Physical characteristics
- • location: southern side of Nescopeck Mountain in Black Creek Township, Luzerne County, Pennsylvania
- • elevation: between 940 and 960 feet (290 and 290 m)
- • location: Black Creek in Black Creek Township, Luzerne County, Pennsylvania
- • coordinates: 40°59′36″N 76°11′16″W﻿ / ﻿40.9933°N 76.1879°W
- • elevation: 725 ft (221 m)
- Length: 1.6 mi (2.6 km)

Basin features
- Progression: Black Creek → Nescopeck Creek → Susquehanna River → Chesapeake Bay

= Scotch Run (Black Creek tributary) =

Scotch Run (also known as Scotch Run Creek is a tributary of Black Creek in Luzerne County, Pennsylvania, in the United States.
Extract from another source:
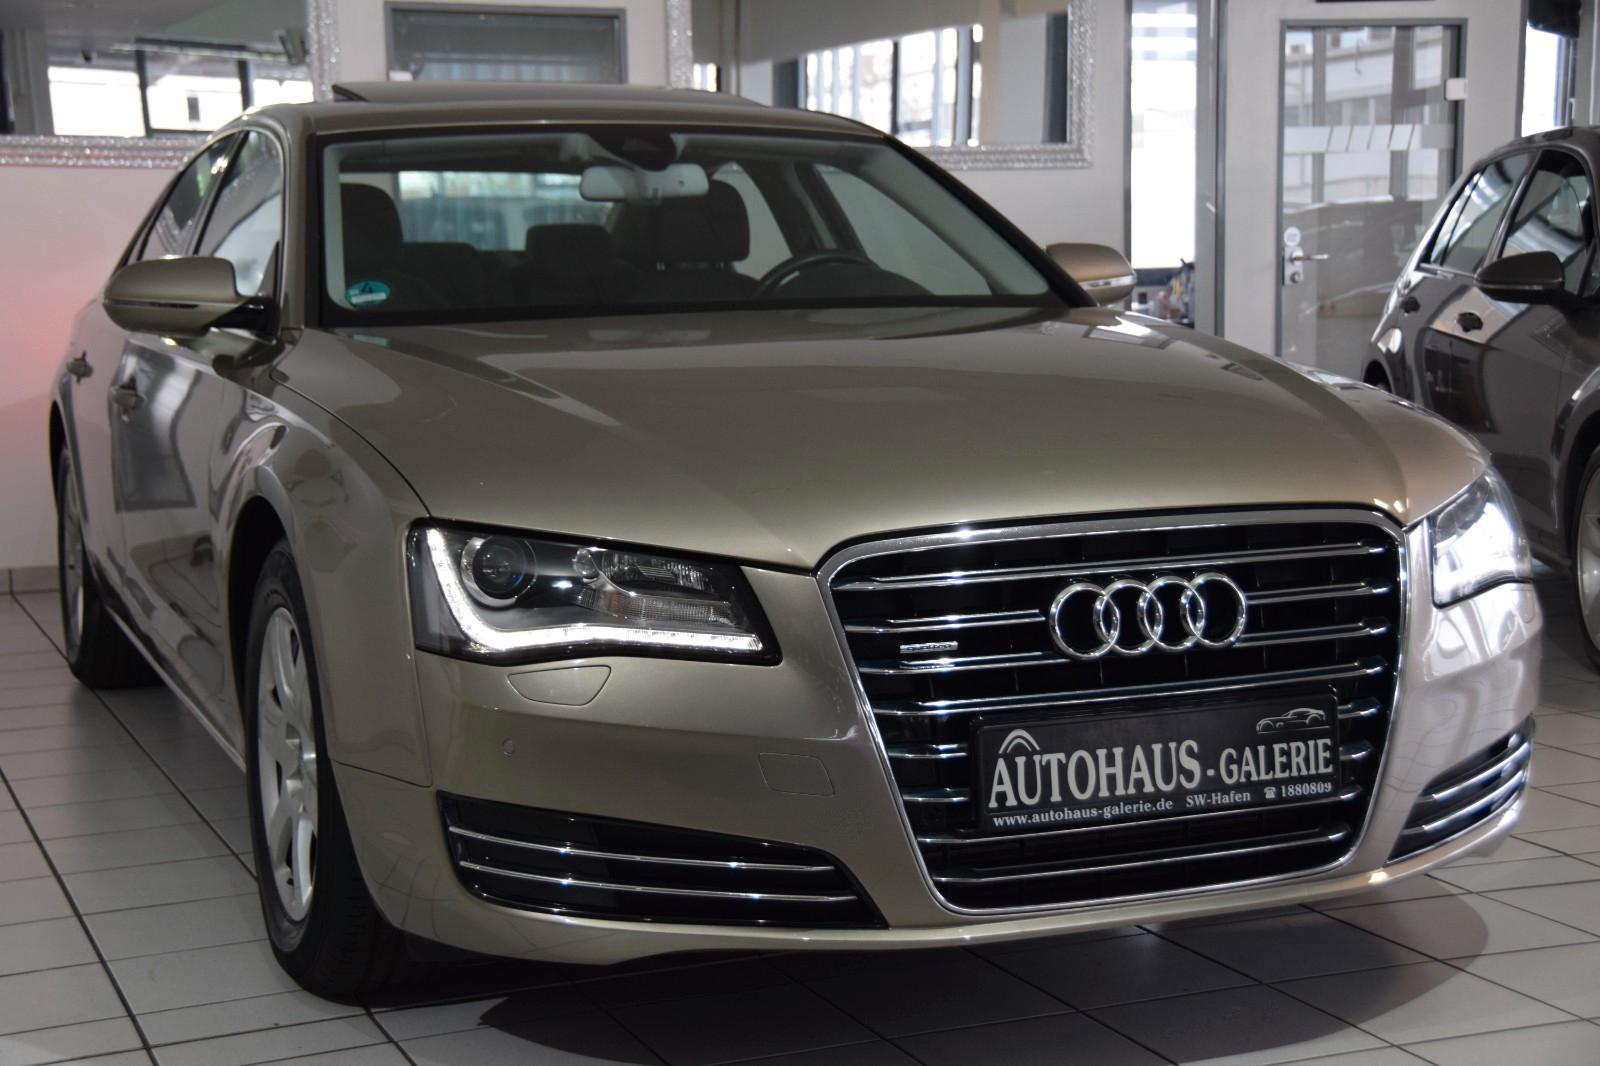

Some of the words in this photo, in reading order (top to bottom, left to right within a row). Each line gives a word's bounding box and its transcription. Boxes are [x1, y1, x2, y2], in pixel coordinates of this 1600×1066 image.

[993, 797, 1174, 827] www.autohaus-galerie.de
[1185, 790, 1251, 808] SW-Hafen
[1281, 781, 1332, 798] 1880809
It is approximately 1.6 mi long and flows through Black Creek Township. The stream is fed by springs and is located at the base of Nescopeck Mountain. It has not been assessed by the Pennsylvania Fish and Boat Commission.

==Course==
Scotch Run begins on the southern side of Nescopeck Mountain in Black Creek Township, several hundred feet from the border between Luzerne County and Columbia County. It flows east for a few tenths of a mile and enters a valley. The stream then turns south for a short distance before turning east again. After a few tenths of a mile, it turns east-northeast for several tenths of a mile. It then turns east and crosses a road before reaching its confluence with Black Creek.

==Geography and geology==
The elevation near the mouth of Scotch Run is 725 ft above sea level. The elevation near the source of the stream is between 940 and 960 ft above sea level.
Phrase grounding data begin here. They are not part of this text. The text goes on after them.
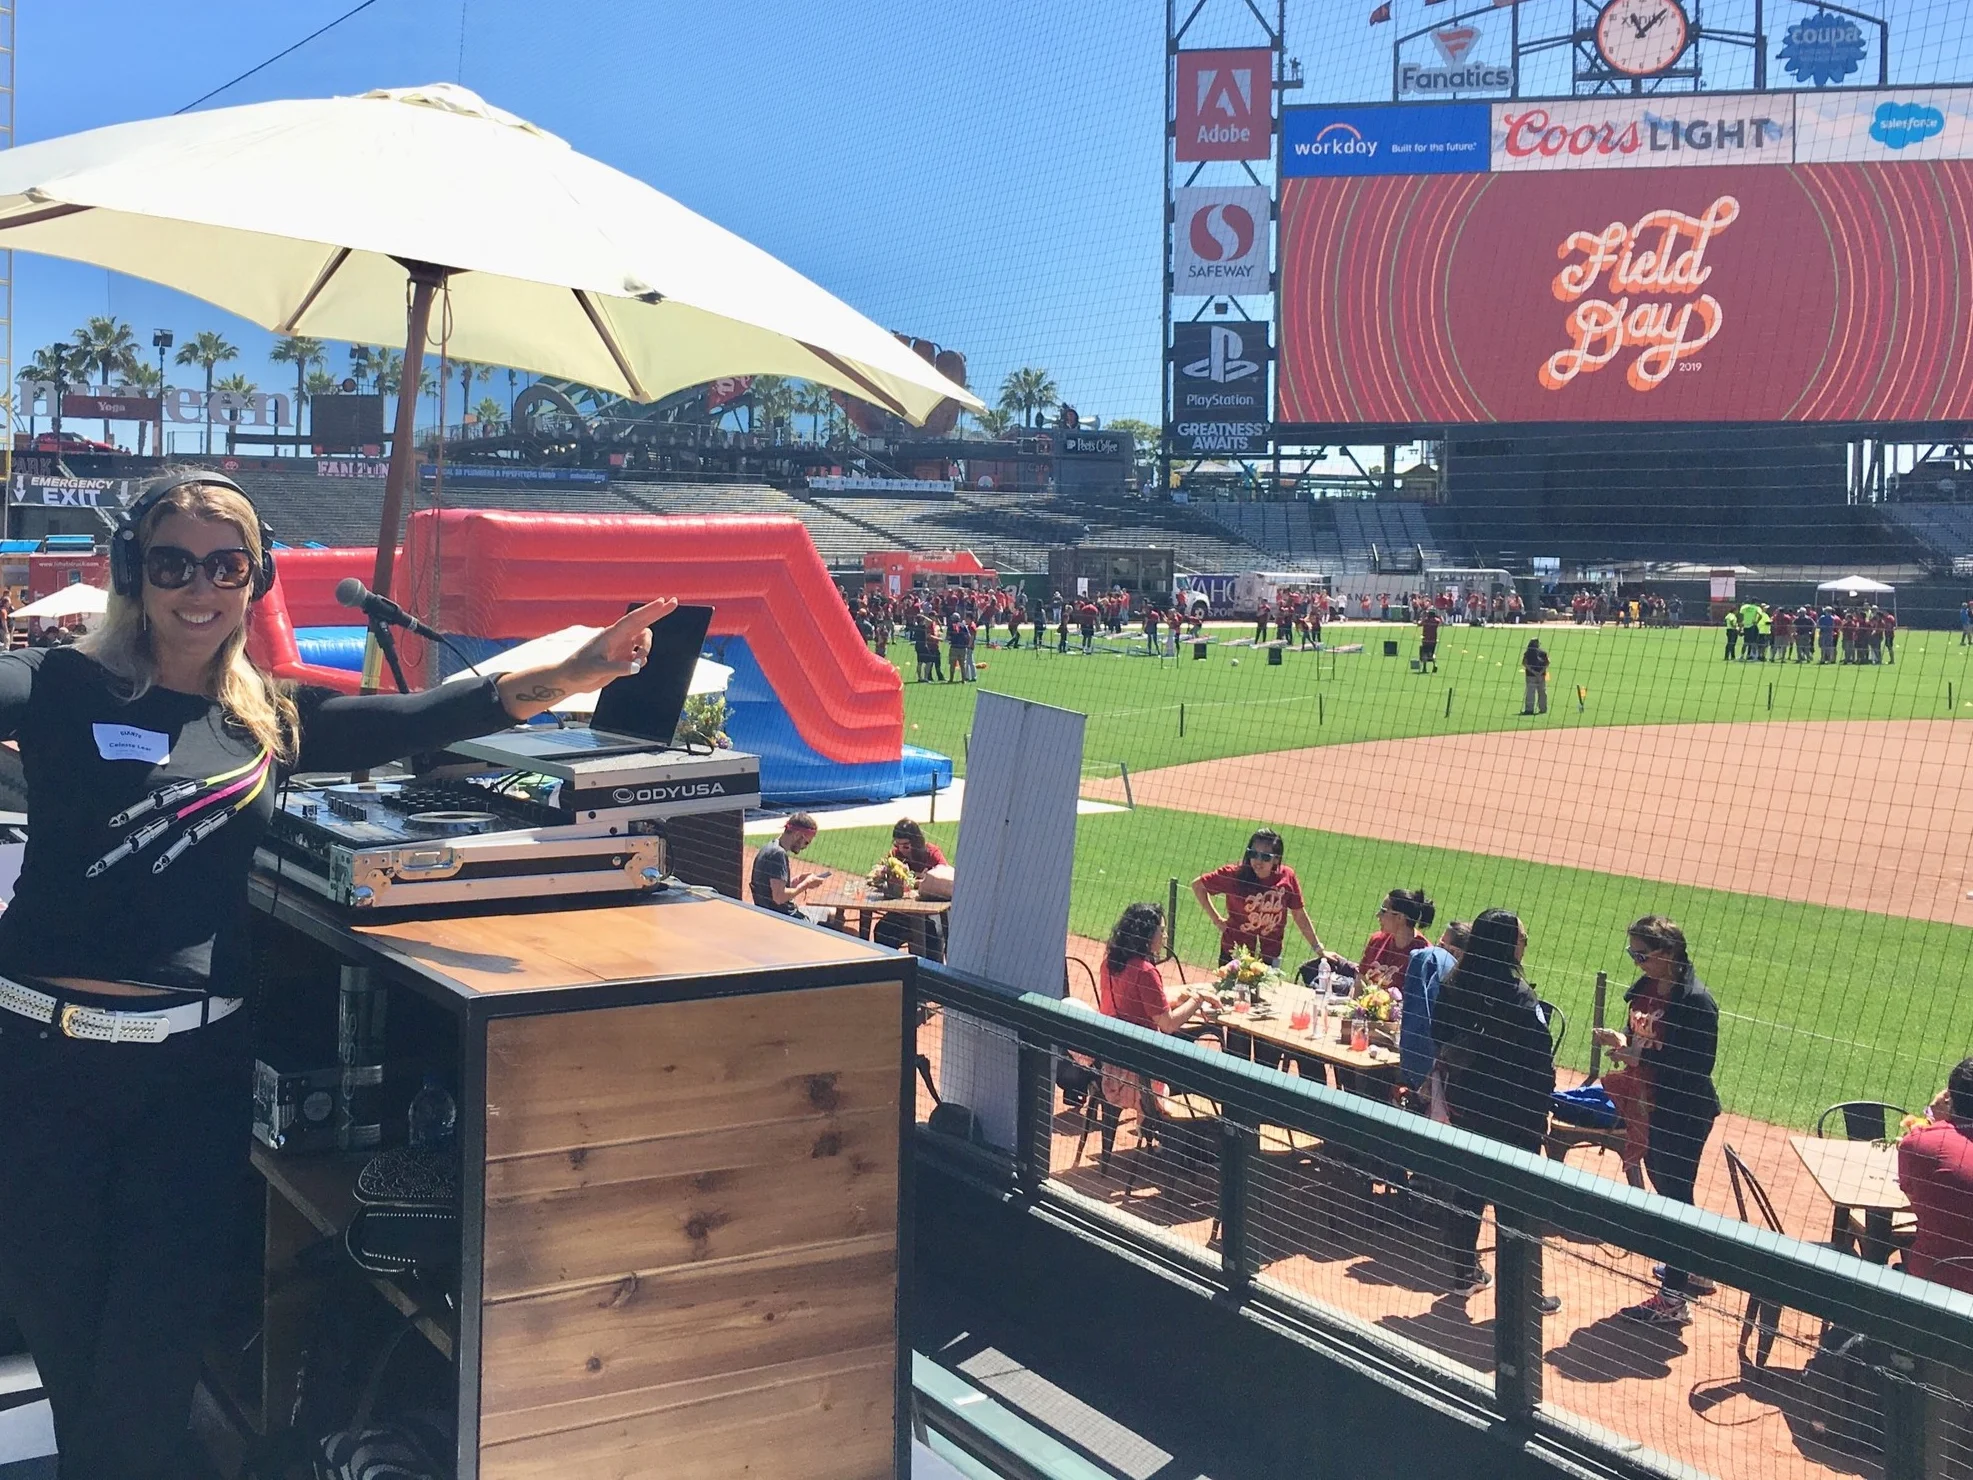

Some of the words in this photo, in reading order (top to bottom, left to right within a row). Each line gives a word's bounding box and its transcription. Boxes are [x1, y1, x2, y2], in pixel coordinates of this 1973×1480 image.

[1791, 27, 1858, 47] coupa
[1403, 66, 1509, 90] Fanatics
[1197, 123, 1250, 143] Adobe
[1504, 109, 1642, 157] Coors
[1650, 118, 1771, 151] LIGHT
[1880, 118, 1938, 130] salesforce
[1295, 139, 1378, 157] workday
[1392, 144, 1412, 153] Built
[1414, 143, 1428, 153] for
[1430, 143, 1444, 152] the
[1554, 195, 1740, 300] Field
[1188, 265, 1254, 278] SAFEWAY
[1541, 294, 1723, 388] Day
[1679, 362, 1702, 372] 2019
[97, 401, 126, 413] Yoga
[1186, 393, 1254, 409] PlayStation
[1178, 423, 1263, 437] GREATNESS
[1096, 439, 1118, 454] Coffee
[1192, 436, 1249, 450] AWAITS
[31, 476, 114, 489] EMERGENCY
[42, 487, 101, 506] EXIT
[636, 782, 725, 802] ODYUSA
[1244, 886, 1286, 913] Field
[1240, 911, 1283, 936] Day
Scotch Run is fed by springs. In 1965, it was noted that the stream had never run dry due to droughts for at least 52 years.
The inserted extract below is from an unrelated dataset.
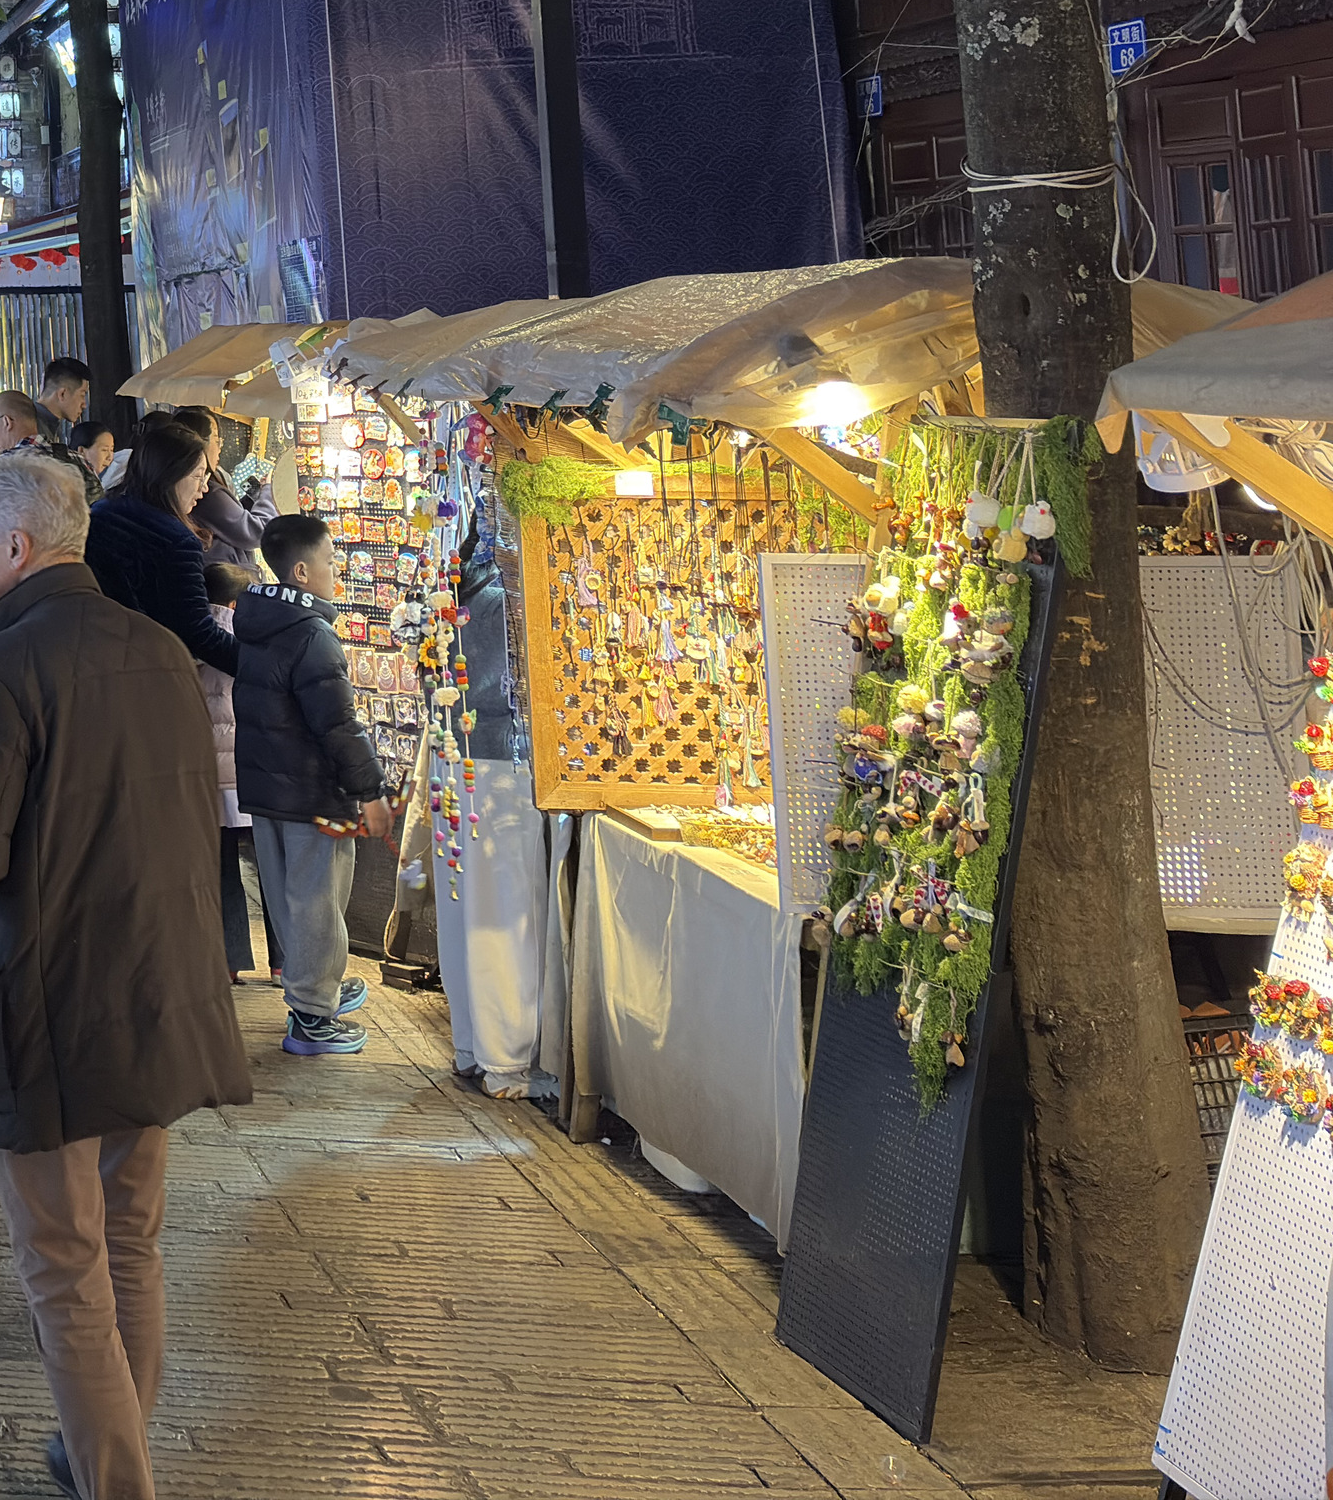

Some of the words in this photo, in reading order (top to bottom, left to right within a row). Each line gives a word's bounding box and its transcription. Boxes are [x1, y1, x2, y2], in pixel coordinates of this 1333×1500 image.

Scotch Run is situated in the vicinity of the southern base of Nescopeck Mountain.

==Watershed==
Scotch Run is entirely within the United States Geological Survey quadrangle of Nuremberg.

Scotch Run is one of eleven named streams in the watershed of Nescopeck Creek that has not been assessed by the Pennsylvania Fish and Boat Commission.

==History==
Scotch Run was entered into the Geographic Names Information System on August 1, 1989. Its identifier in the Geographic Names Information System is 1212392. The stream appears on county highway maps published by the Pennsylvania Department of Transportation. It also appears on a 1958 map published by the Pennsylvania Fish Commission.

The first tannery in Black Creek Township was constructed opposite the mouth of Scotch Run. It was situated on a farm that was owned by a person named P. Swoyer in the late 1800s. In 1965, the Hazleton Penn Rod and Gun Club purchased a 35-acre tract of land along the stream.